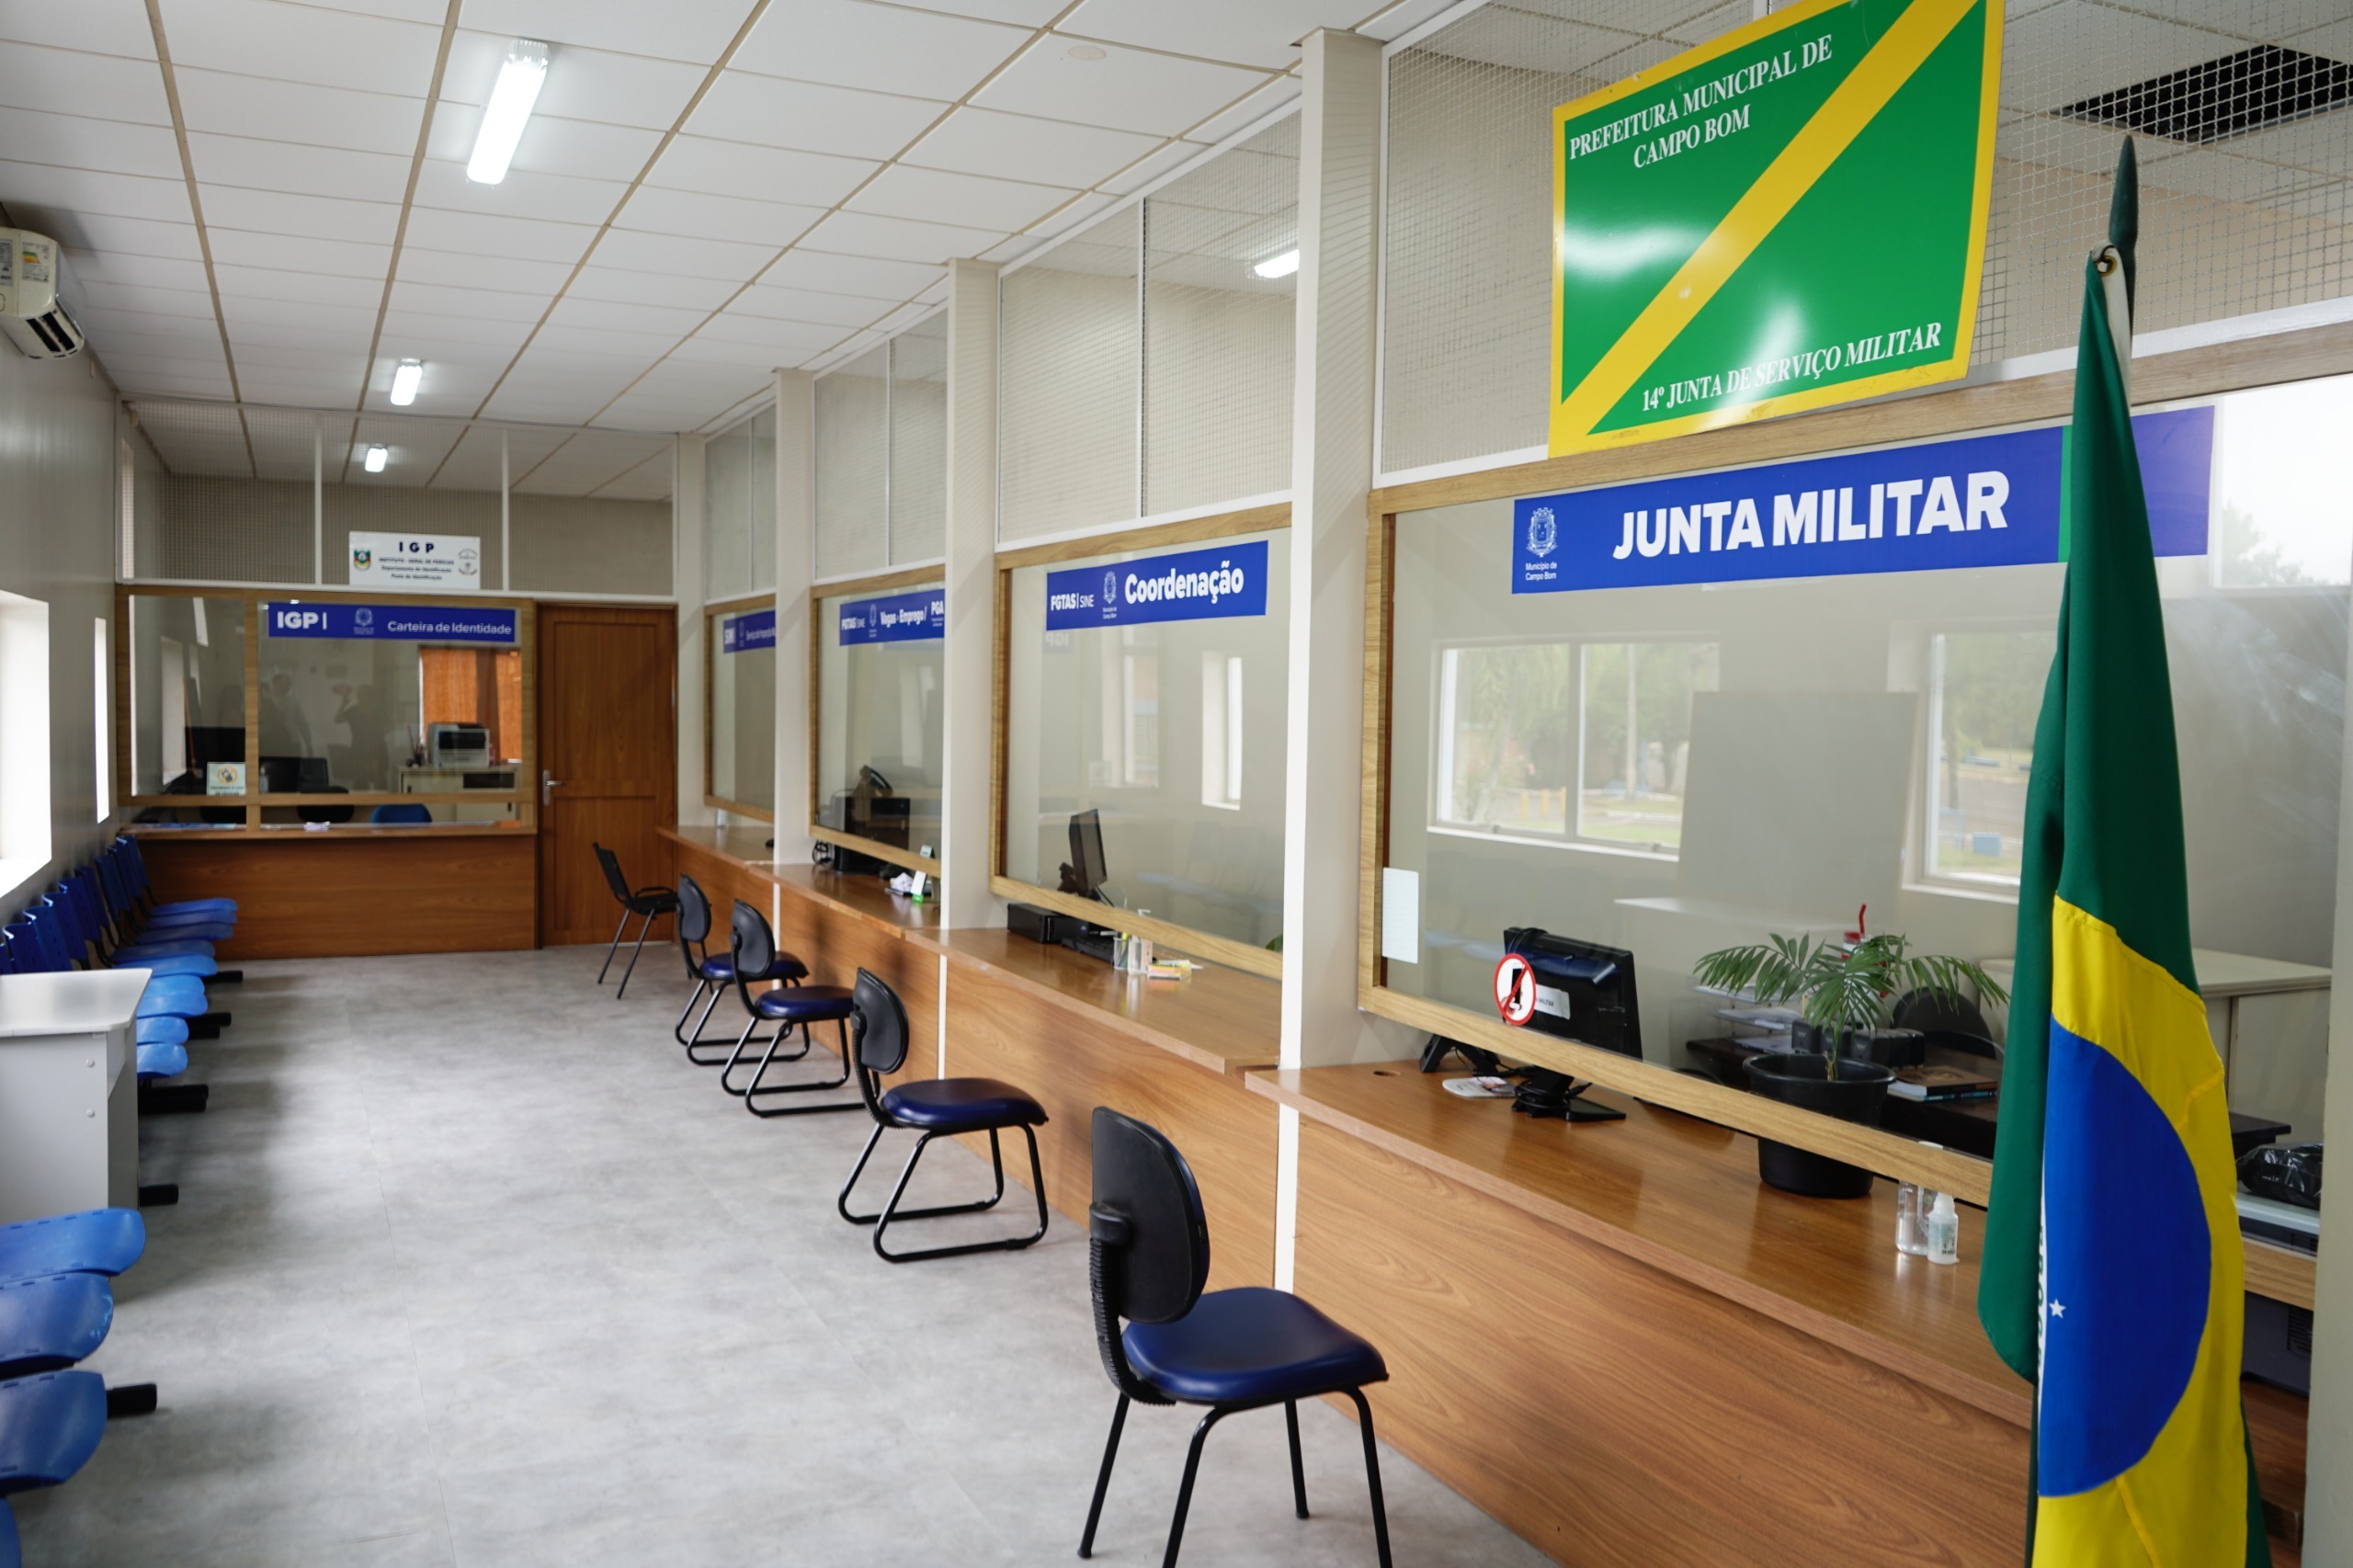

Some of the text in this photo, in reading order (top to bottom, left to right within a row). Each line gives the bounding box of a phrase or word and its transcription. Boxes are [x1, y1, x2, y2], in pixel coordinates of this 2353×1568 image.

[1569, 34, 1833, 160] PREFEITURA MUNICIPAL DE
[1633, 104, 1751, 168] CAMPO BOM
[1666, 373, 1722, 409] JUNTA
[1727, 367, 1752, 394] DE
[1755, 346, 1842, 388] SERVIÇO
[1845, 322, 1942, 368] MILITAR
[1612, 470, 2010, 560] JUNTA MILITAR
[1124, 560, 1245, 604] Coordenação
[1526, 571, 1556, 581] Campo Bom
[278, 611, 512, 634] IGP Carteira de Identidade
[881, 611, 896, 628] Vagas
[1051, 593, 1076, 610] FGTAS
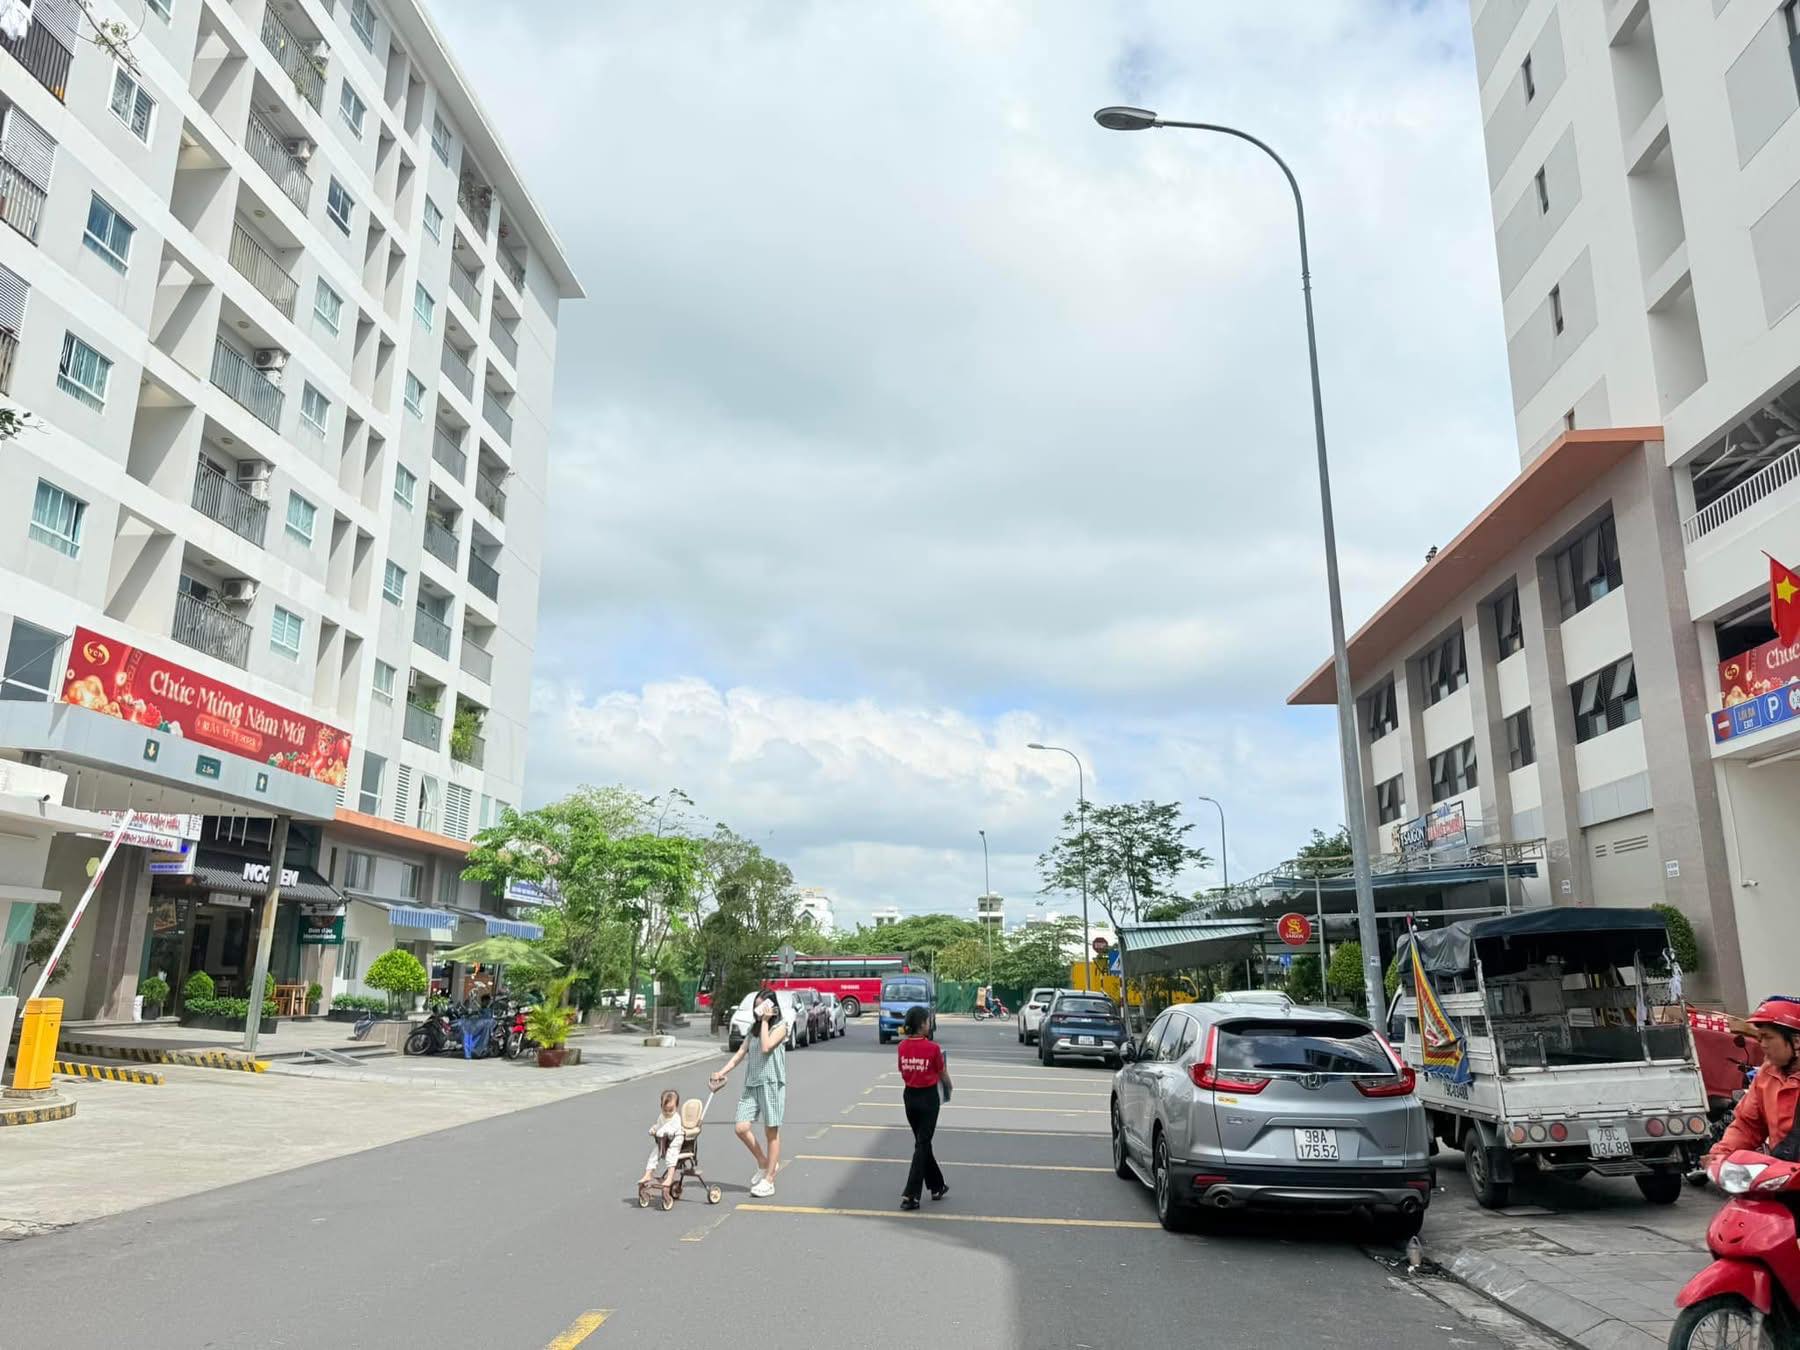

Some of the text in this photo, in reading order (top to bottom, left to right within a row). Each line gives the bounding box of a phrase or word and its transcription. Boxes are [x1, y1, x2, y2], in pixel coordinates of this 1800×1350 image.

[150, 670, 306, 746] Chúc Mừng Năm Mới
[1767, 696, 1779, 719] P
[1305, 1130, 1328, 1143] 98A
[1598, 1129, 1620, 1142] 79C
[1299, 1145, 1338, 1159] 175.52
-=-=-=-=-
Task requirements - Every entry, exactly as written: transcribe it, passing over any pictures.

Task response -
Some of the text in this photo, in reading order (top to bottom, left to right within a row). Each line gives the bounding box of a phrase or word and its transcription. Boxes are [x1, y1, x2, y2], in pixel coordinates of this 2353×1568 image.

[1569, 34, 1833, 160] PREFEITURA MUNICIPAL DE
[1633, 104, 1751, 168] CAMPO BOM
[1666, 373, 1722, 409] JUNTA
[1727, 367, 1752, 394] DE
[1755, 346, 1842, 388] SERVIÇO
[1845, 322, 1942, 368] MILITAR
[1612, 470, 2010, 560] JUNTA MILITAR
[1124, 560, 1245, 604] Coordenação
[1526, 571, 1556, 581] Campo Bom
[278, 611, 512, 634] IGP Carteira de Identidade
[881, 611, 896, 628] Vagas
[1051, 593, 1076, 610] FGTAS

Some of the text in this photo, in reading order (top to bottom, left to right within a row). Each line gives the bounding box of a phrase or word and its transcription. Boxes are [x1, y1, x2, y2], in pixel coordinates of this 1800×1350 image.

[150, 670, 306, 746] Chúc Mừng Năm Mới
[1767, 696, 1779, 719] P
[1305, 1130, 1328, 1143] 98A
[1598, 1129, 1620, 1142] 79C
[1299, 1145, 1338, 1159] 175.52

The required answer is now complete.